Painting is the practice of applying paint, pigment, color or other medium to a solid surface (called the "matrix" or "support"). The medium is commonly applied to the base with a brush, but other implements, such as knives, sponges, and airbrushes, can be used. The final work is also called a painting.
Painting is an important form in the visual arts, bringing in elements such as drawing, gesture (as in gestural painting), composition, narration (as in narrative art), or abstraction (as in abstract art). Paintings can be naturalistic and representational (as in a still life or landscape painting), photographic, abstract, narrative, symbolistic (as in Symbolist art), emotive (as in Expressionism), or political in nature (as in Artivism).

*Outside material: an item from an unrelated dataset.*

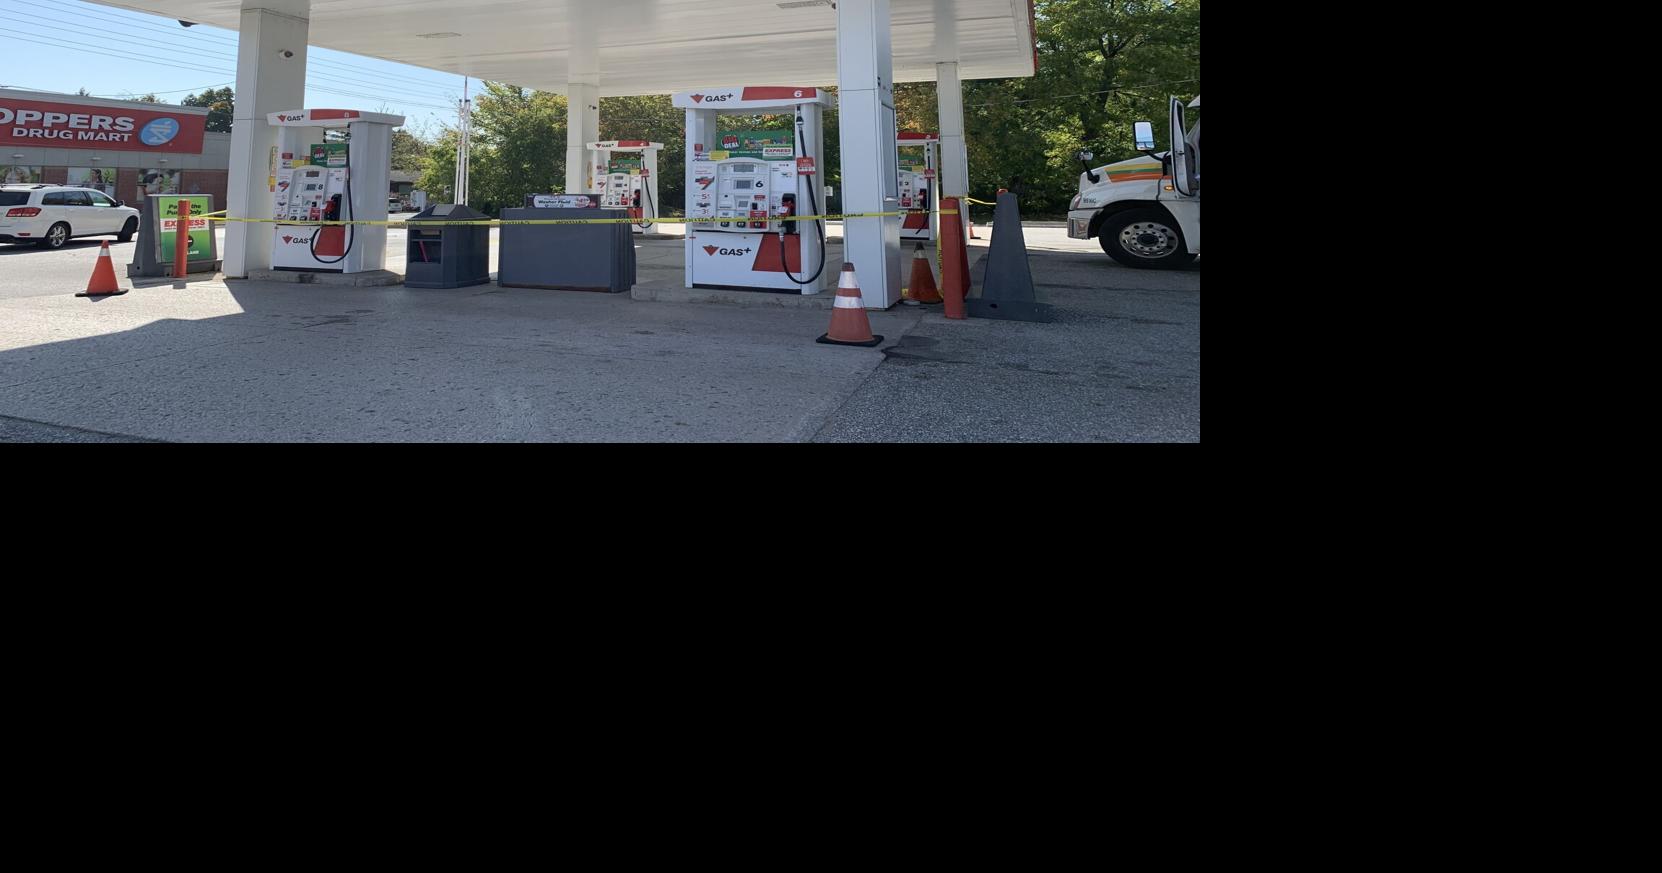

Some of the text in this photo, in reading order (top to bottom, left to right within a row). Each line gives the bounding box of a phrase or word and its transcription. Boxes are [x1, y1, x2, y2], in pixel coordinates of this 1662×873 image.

A portion of the history of painting in both Eastern and Western art is dominated by religious art. Examples of this kind of painting range from artwork depicting mythological figures on pottery, to Biblical scenes Sistine Chapel ceiling, to scenes from the life of Buddha or other images of Eastern religious origin.
In art, the term painting describes both the act and the result of the action. The support for paintings includes such surfaces as walls, paper, canvas, wood, glass, lacquer, pottery, leaf, copper and concrete, and the painting may incorporate multiple other materials including sand, clay, paper, plaster, gold leaf, as well as objects.